When ‘Dreams Call for Silence’ is one of the two exhibitions which the Tahrir Cultural Centre (TCC) is welcoming its visitors with. The art collection came alive by the artist Huda Lutfi.
For the first time in 20 years, the American University in Cairo (AUC) is featuring the work of Lutfi as an artist, rather than an art professor who has been teaching at the university for nearly 25 years.
With 42 art pieces, varied between paintings, sculptures, and installations, Lutfi takes visitors into the journey of looking into one’s inner soul, and how he/she connects to the outer world.
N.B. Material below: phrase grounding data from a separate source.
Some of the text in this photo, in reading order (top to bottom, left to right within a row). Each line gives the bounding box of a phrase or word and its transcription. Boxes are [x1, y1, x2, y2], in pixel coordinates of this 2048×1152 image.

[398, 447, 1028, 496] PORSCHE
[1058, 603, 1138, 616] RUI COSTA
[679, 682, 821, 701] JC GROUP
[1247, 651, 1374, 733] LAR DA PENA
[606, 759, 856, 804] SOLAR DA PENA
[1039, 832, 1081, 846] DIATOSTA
The exhibition is a combination between Sufism, Pharaonic art, and surrealism which are reflected in the the various types of the showcased artwork.
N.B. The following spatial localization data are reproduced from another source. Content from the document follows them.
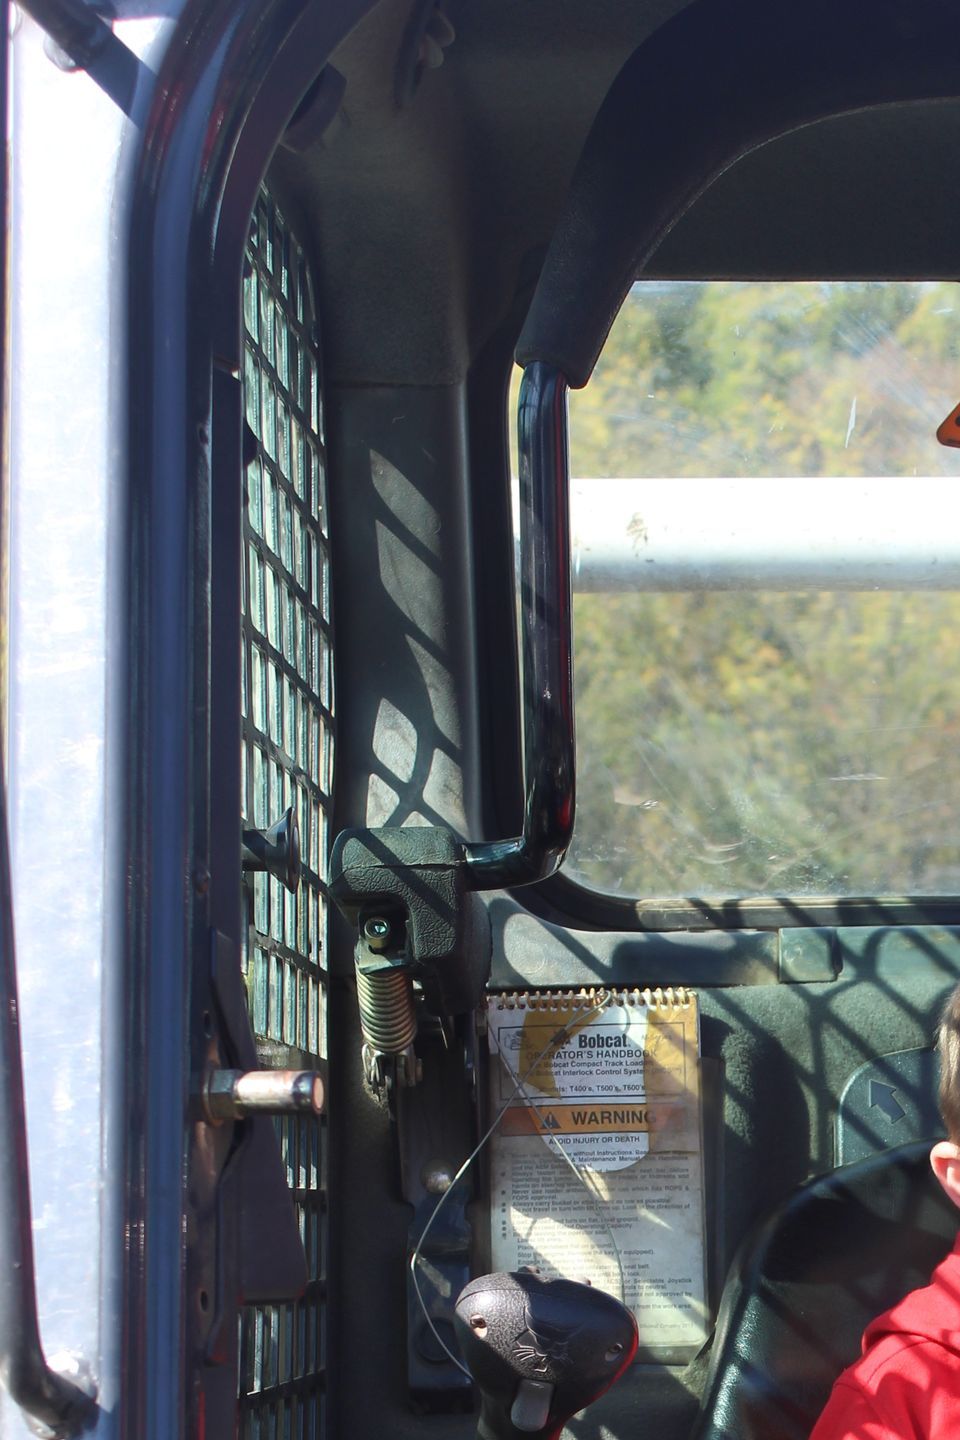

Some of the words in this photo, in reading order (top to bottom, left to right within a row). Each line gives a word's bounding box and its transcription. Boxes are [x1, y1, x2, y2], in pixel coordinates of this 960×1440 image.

[578, 1034, 627, 1048] Bobcat
[596, 1049, 656, 1059] HANDBOOK
[571, 1060, 602, 1070] Compact
[563, 1069, 594, 1077] Interlock
[596, 1068, 622, 1076] Control
[624, 1068, 649, 1077] Syste
[572, 1110, 657, 1126] WARNING
[574, 1137, 601, 1145] INJURY
[601, 1136, 614, 1144] OR
[615, 1135, 641, 1143] DEATH
Lutfi’s artwork cannot help but force one to dig deep into the soul, “as seeking quietness and silence never seem to find a place in the human nature,” Lutfi stated.
“This art work comes as a result of grappling with silence. For months I dug deep inside my soul, struggling to find quietness,” Lutfi told Daily News Egypt.
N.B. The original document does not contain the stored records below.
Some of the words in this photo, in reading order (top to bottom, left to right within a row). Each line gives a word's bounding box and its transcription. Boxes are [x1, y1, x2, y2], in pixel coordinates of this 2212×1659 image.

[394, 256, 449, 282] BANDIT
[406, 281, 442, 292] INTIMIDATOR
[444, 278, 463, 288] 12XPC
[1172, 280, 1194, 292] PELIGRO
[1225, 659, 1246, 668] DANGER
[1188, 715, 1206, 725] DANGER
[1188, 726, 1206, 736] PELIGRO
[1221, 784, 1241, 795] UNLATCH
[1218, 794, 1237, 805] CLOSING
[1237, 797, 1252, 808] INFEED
“I believe silence is the hardest phase anyone can reach,” Lutfi added, “Even in our sleep, supposedly the state when we are silent the most, dreams invade them with actions, movements, sounds and feelings. The moment we mostly seek to have are the quiet moments, when silence prevails.”
The portraits dig deep into people’s inner space, through touching their minds, beliefs, and ideologies. Lutfi believes that the showcased artwork takes visitors into their deepest fear, which is silence.
“We always grapple with silence because we are afraid of it. Although we love deep sleep, where silence is beautifying the present, yet we still have these dreams which interrupt the silence,” she explained.
The paintings portray the interior spaces which fill the souls of humans. The exhibition also offers a video animation, which depicts the marching figures, echoing Pharaonic imagery. From Lutfi’s point of view, the animation video is a modernised format of Sufi enchantments. The animation video is a repetitiveness of the photographs captured by her, playing religious soundtracks, made by the veteran Italian music composer, Antonio Vivaldi.
For a year and a half of work, Lufti reflected her feelings of pursuing silence and peace. “There is a stillness, a calm in the images,” Lutfi explains. “The mood is one of reflection and silent contemplation,” she said.
One of the paintings, titled the last gaze, features a human being looking heart ached and broken with empty gazes clutched towards the back.
With eyes full of tears, Lutfi could not hold her floating tears, expressing that death is all what she was thinking about when she was drawing it. In her portrait, Lutfi presented the link which connects death with peace and calmness.
“I could not help but think whether I will look the same when I have the final look before I depart. As much as death brings the always sought quietness, yet it frightens me,” she sobbingly explained.
Within the same path, was the displayed bag filled with timeworn and broken dolls, which resemble the human life circle, and the bodies’ decomposition after death.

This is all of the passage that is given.